Tamara Jenkins' dark comedy The Savages applies bracing wit to the problem of immature adults forced to grow up and take on roles of parental responsibility for rapidly infantilized parents. It's no accident that Jenkins names the childish grown-ups Jon and Wendy, in ironic evocation of Peter Pan, and it's a testament to her (Oscar-nominated) screenwriting acumen that she attracted Philip Seymour Hoffman and Laura Linney to play the siblings.
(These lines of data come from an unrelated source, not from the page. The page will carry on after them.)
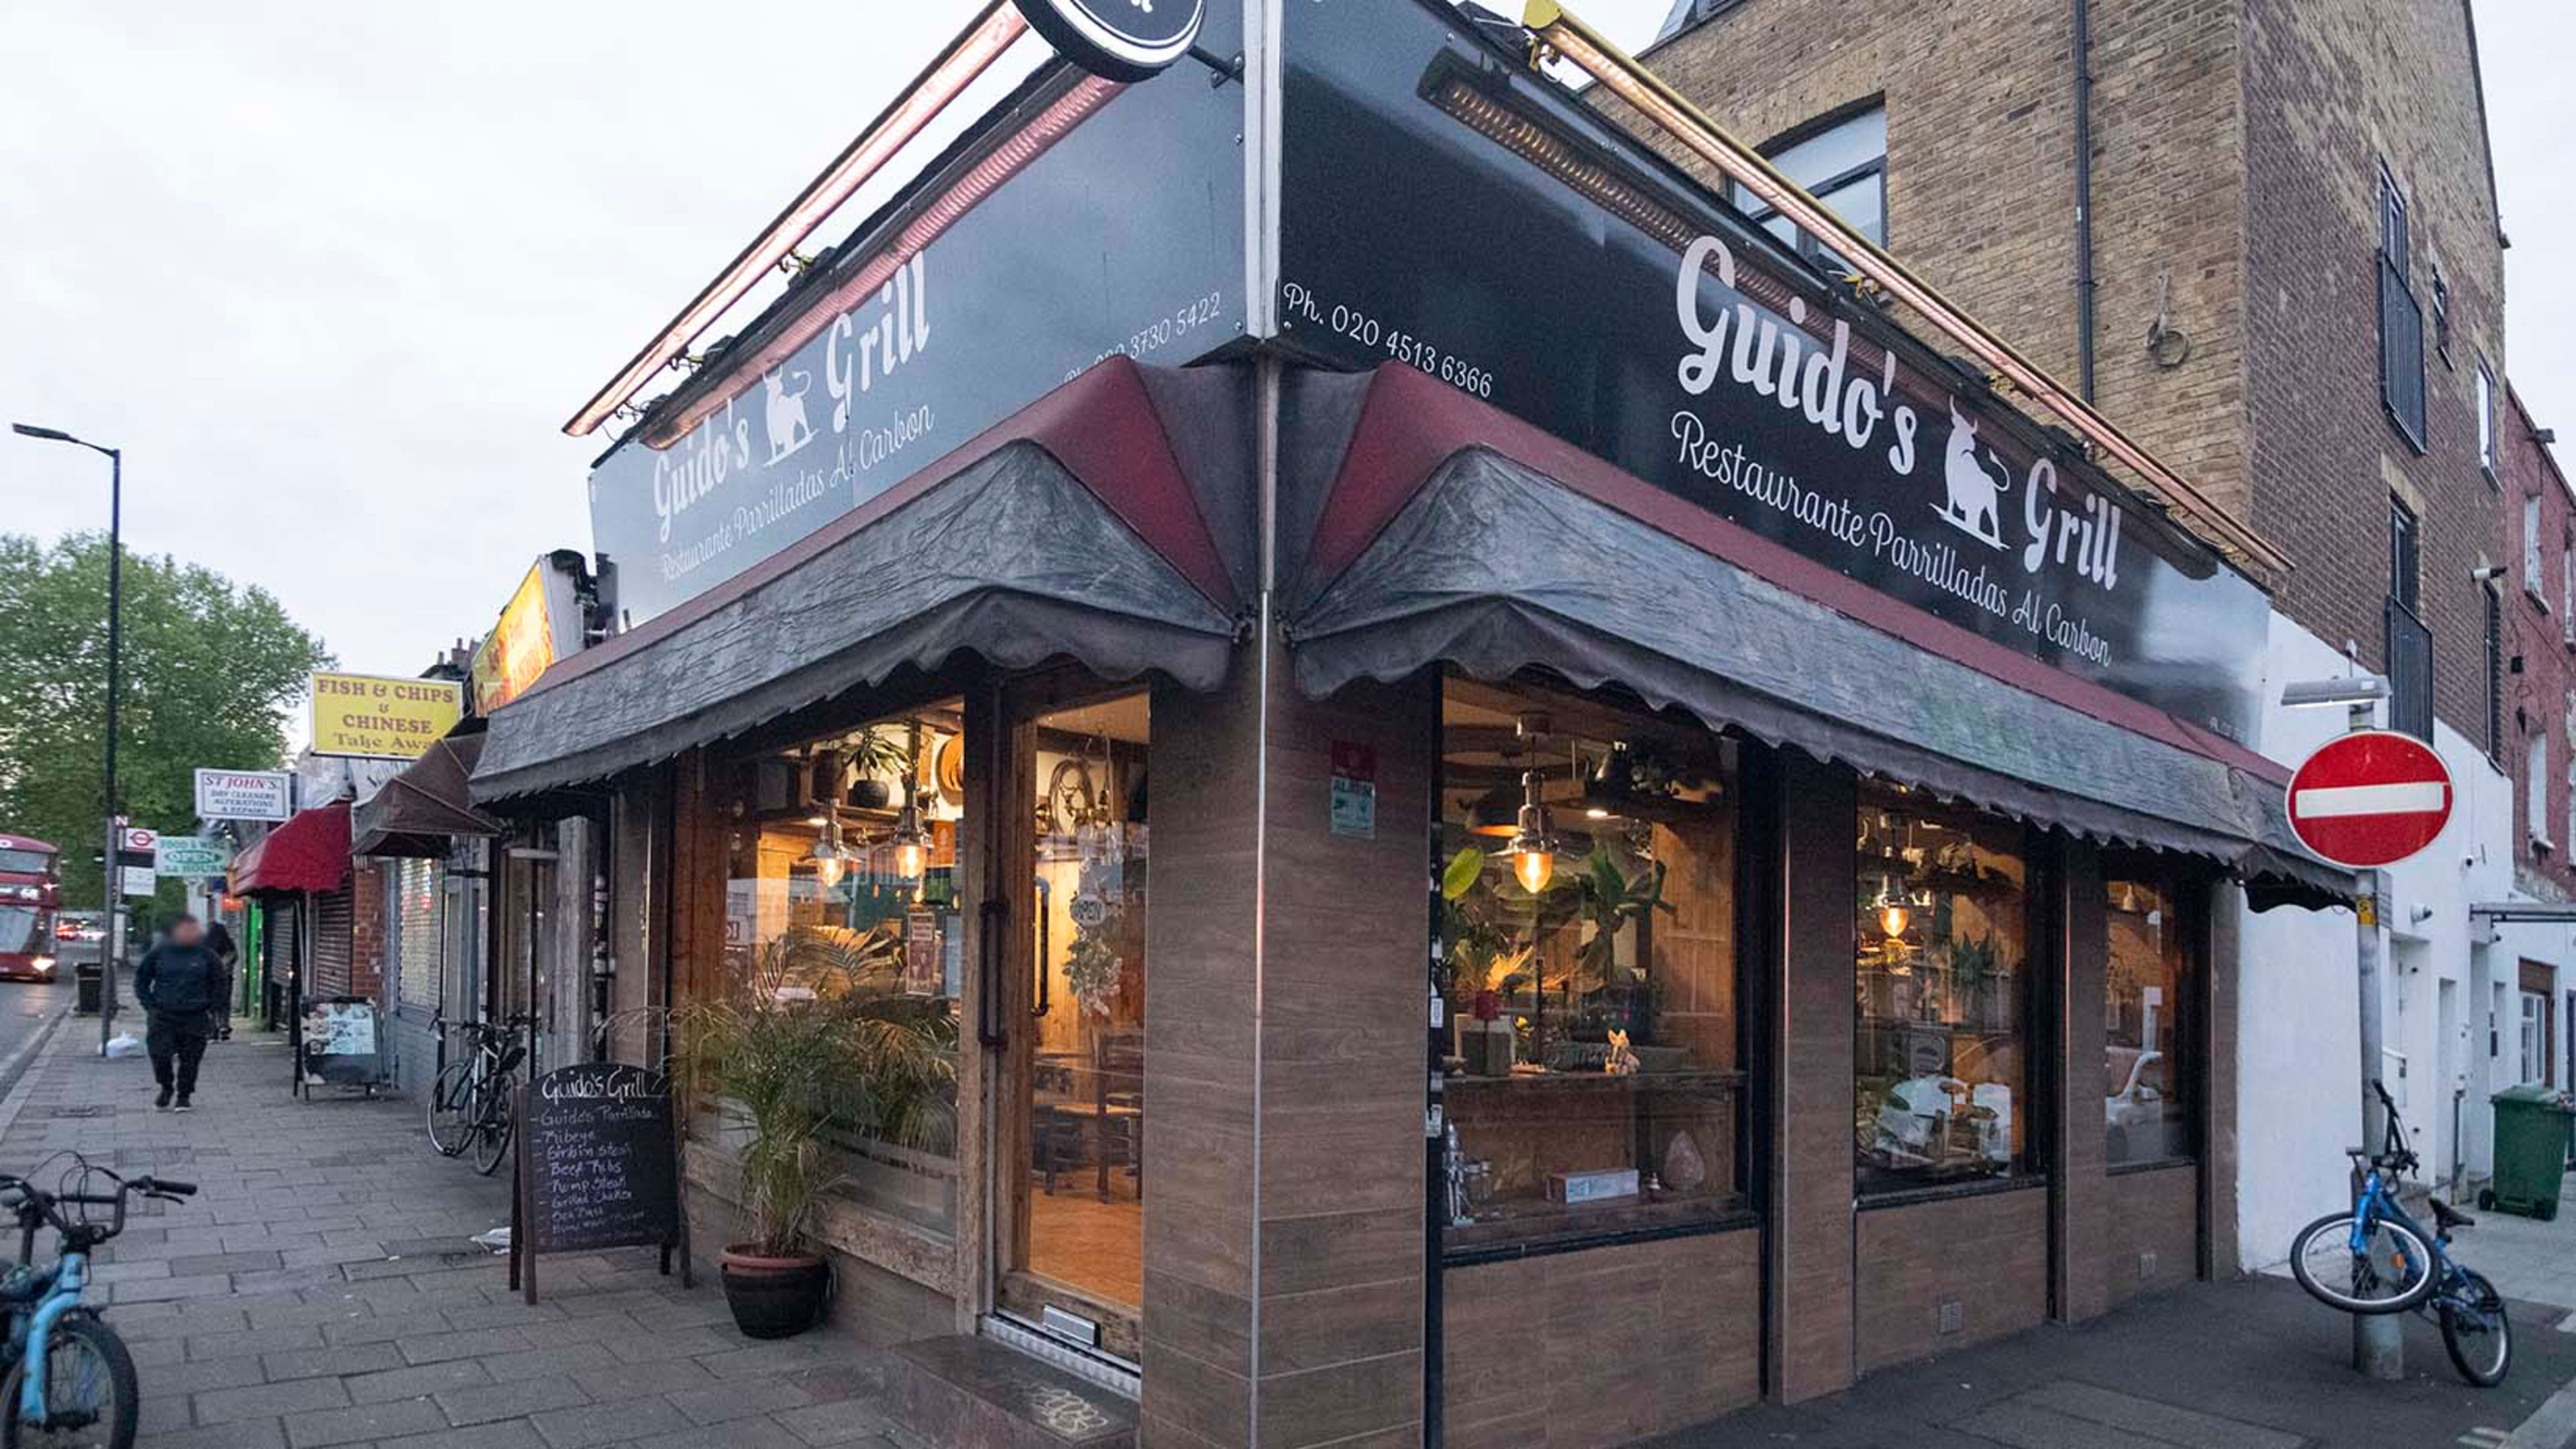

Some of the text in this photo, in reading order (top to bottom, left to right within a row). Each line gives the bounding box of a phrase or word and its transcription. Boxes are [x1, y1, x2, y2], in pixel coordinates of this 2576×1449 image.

[1130, 291, 1220, 360] 3730 5422
[1283, 282, 1493, 398] Ph. 020 4513 6366
[654, 250, 930, 544] Guido's Grill
[1676, 235, 2121, 590] Guido's Grill
[663, 522, 733, 583] Restaurante
[733, 469, 826, 540] Parrilladas
[859, 404, 936, 471] Carbon
[1671, 411, 2112, 668] Restaurante Parrilladas Al Carbon
[318, 679, 453, 703] FISH & CHIPS
[343, 714, 433, 734] CHINESE
[333, 732, 429, 750] Take Awa
[170, 852, 215, 863] OPEN
[541, 1065, 648, 1105] Guido's Grill
Forced to step up their game to care for their ailing father (crustily embodied by veteran actor Philip Bosco), Jon and Wendy nevertheless bicker incessantly, picking each other's not-so-small nits. Jenkins and her stars prove in sync in portraying deeply flawed and yet lovable characters. Both siblings must come to terms with their romantic neuroses and their issues with Dad and each other. For her part, Wendy is not above self-medicating with illegally obtained drugs:
Jon: What are those?
Wendy: Antidepressants. You should try some.
Jon: I'm not depressed.
Hoffman and Linney bring a credible blend of ease and exasperation to the sibling relations, which show concern and competition in roughly equal measure. Despite Jon's exhortation "We are not going to have to go out there. We are not a Sam Shepard play," he and Wendy fly to surreal Sun City, Arizona to collect their widowed father and bring him back to cold, wintry New York. Their efforts to place him in a home resemble parents trying to get a kid into a good school (excepting perhaps the awkward moment when Jon harangues Wendy about facing the facts of death, right in front of an elderly, wheelchair-bound woman).
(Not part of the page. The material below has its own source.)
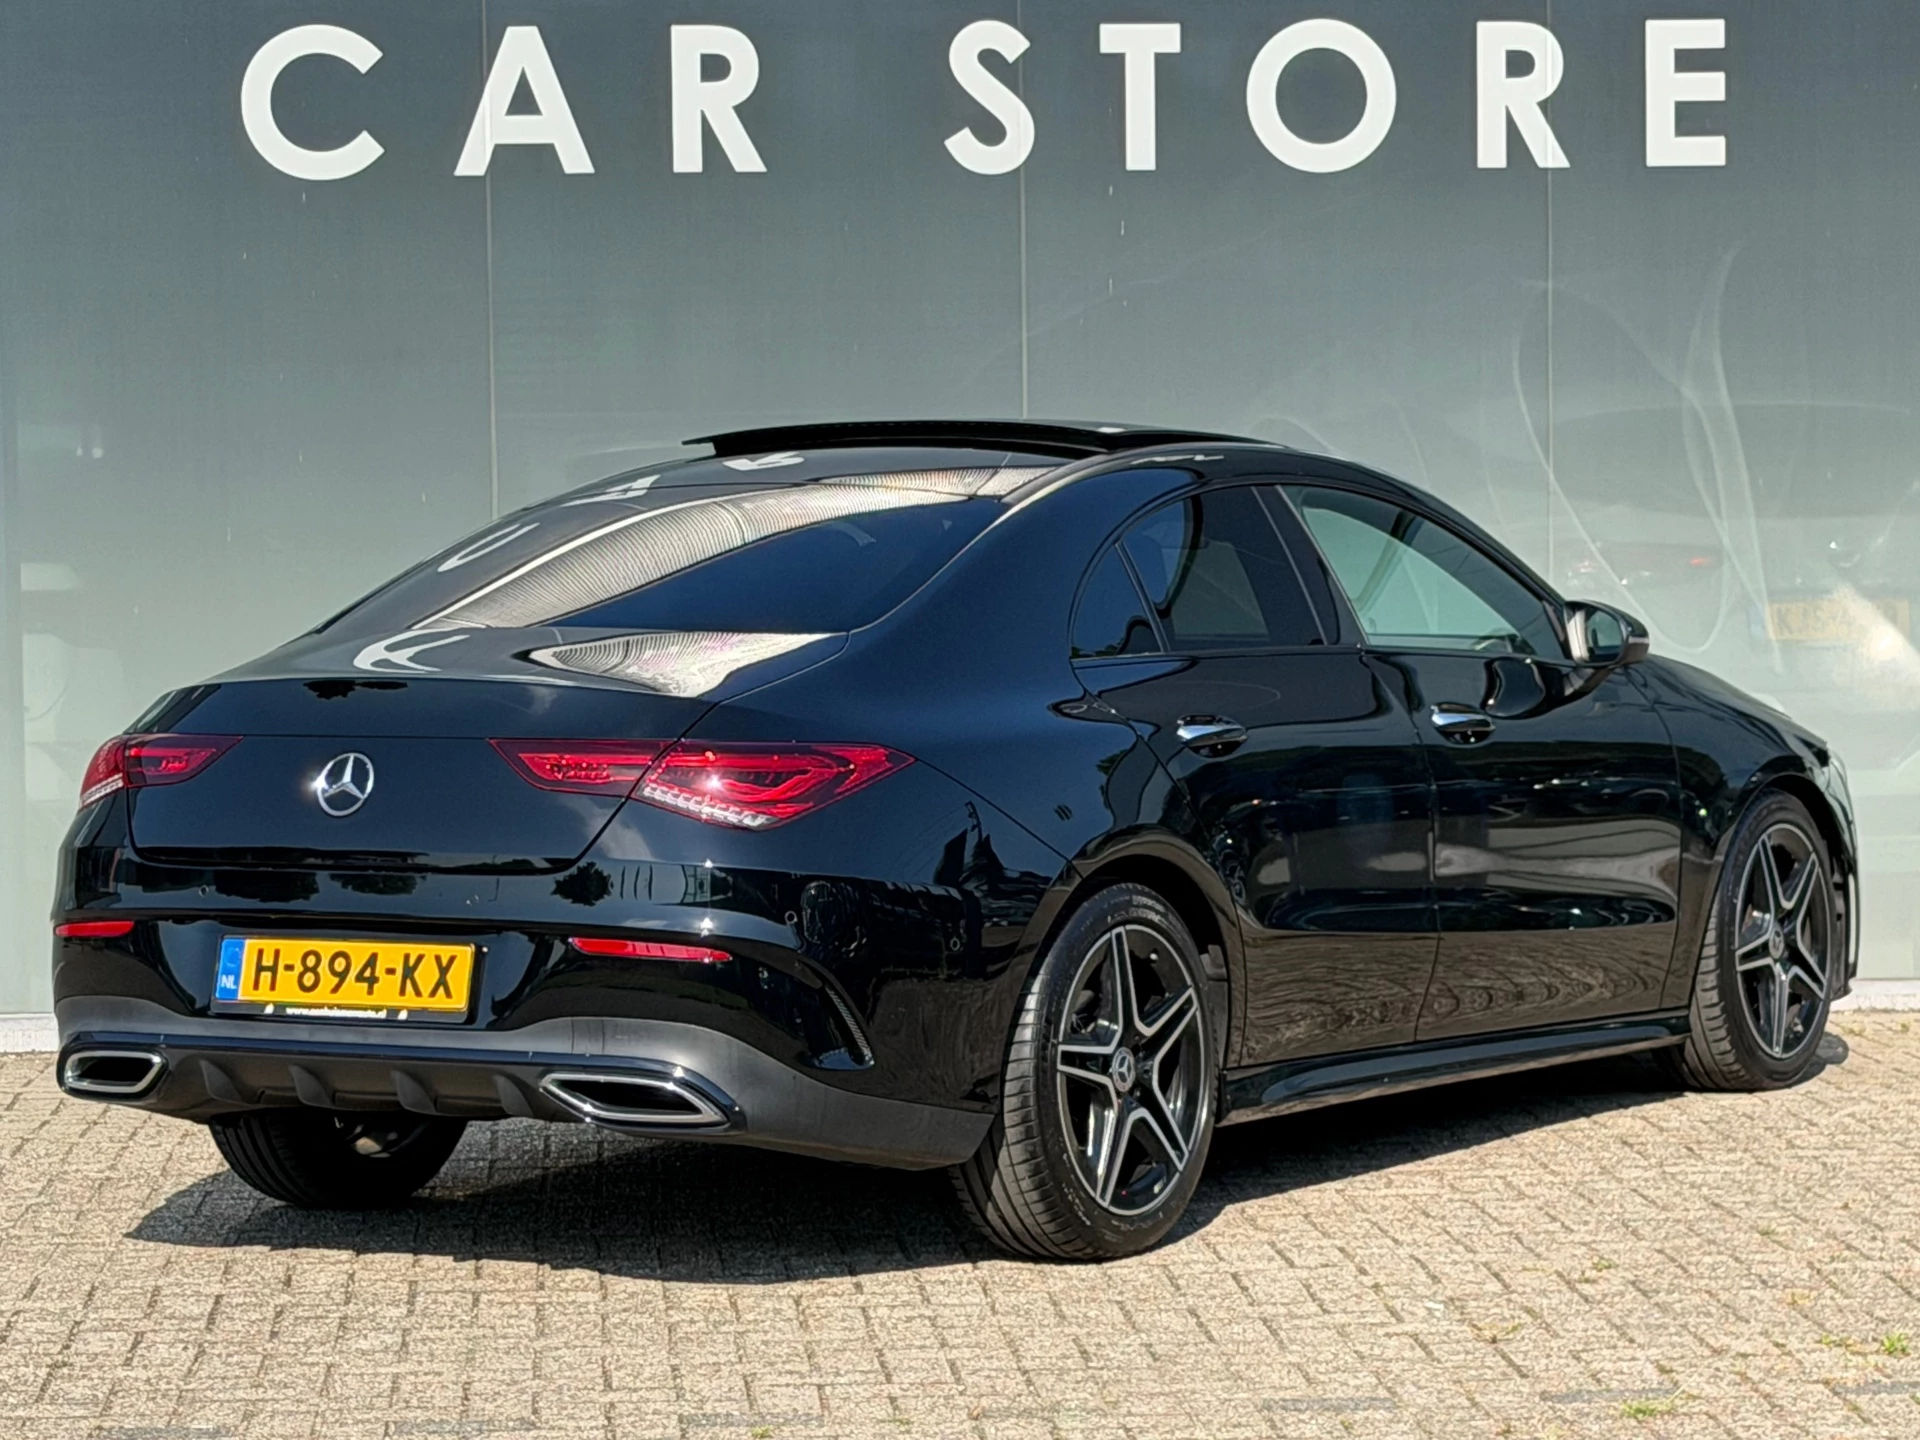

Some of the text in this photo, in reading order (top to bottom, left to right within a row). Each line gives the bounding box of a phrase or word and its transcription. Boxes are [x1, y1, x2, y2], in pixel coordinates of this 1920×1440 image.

[241, 18, 1726, 181] CAR STORE
[220, 974, 238, 990] NL
[252, 947, 458, 1000] H-894-KX
It's par for the course: the film's most dramatic moments are ever-prone to dark-comic turns, as when the hapless kids attempt, across a diner booth, to discuss "living will" arrangements with their father. Esoteric theatre professor Jon and "subversive" playwright Wendy eventually learn to see their predicament from the other side of a theatrical "fourth wall," but despite improved perspective, neither Jon nor Wendy gets any neatly bow-tying resolution. By the final fadeout, lessons have been learned but issues continue to linger. There's reason to hope, though: these Savages come out the end of the present tunnel seeming just a bit more civilized than before.
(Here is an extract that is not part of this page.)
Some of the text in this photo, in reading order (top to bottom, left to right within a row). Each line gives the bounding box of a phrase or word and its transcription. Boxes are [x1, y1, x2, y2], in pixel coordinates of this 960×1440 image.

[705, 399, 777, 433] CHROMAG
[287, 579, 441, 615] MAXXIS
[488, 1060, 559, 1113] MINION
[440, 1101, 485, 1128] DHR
The Savages gets a humble special edition on DVD, built around a featurette of surprisingly dense detail: "About The Savages" (20:28). Tamara Jenkins, Laura Linney, Philip Seymour Hoffman, Philip Bosco, executive producer Jim Taylor and producer Ted Hope explain how the various elements—from script to cast to score—came together to make one of the best-received films of 2007. Jenkins provides two "Extended Scenes": "Sun City West Rhythm Tappers Uncut" (3:29) and "'Two of a Kind' Uncut" (4:15). They present uninterrupted takes of the film's senior dancers and senior singers, respectively. "Director's Snapshots" is a gallery of shots taken mostly by Jenkins and partly by her husband Taylor. The disc also includes trailers for Juno, 27 Dresses, The Darjeeling Express, The Family Stone, Music Within, The Onion Movie, Bones, and Bonneville.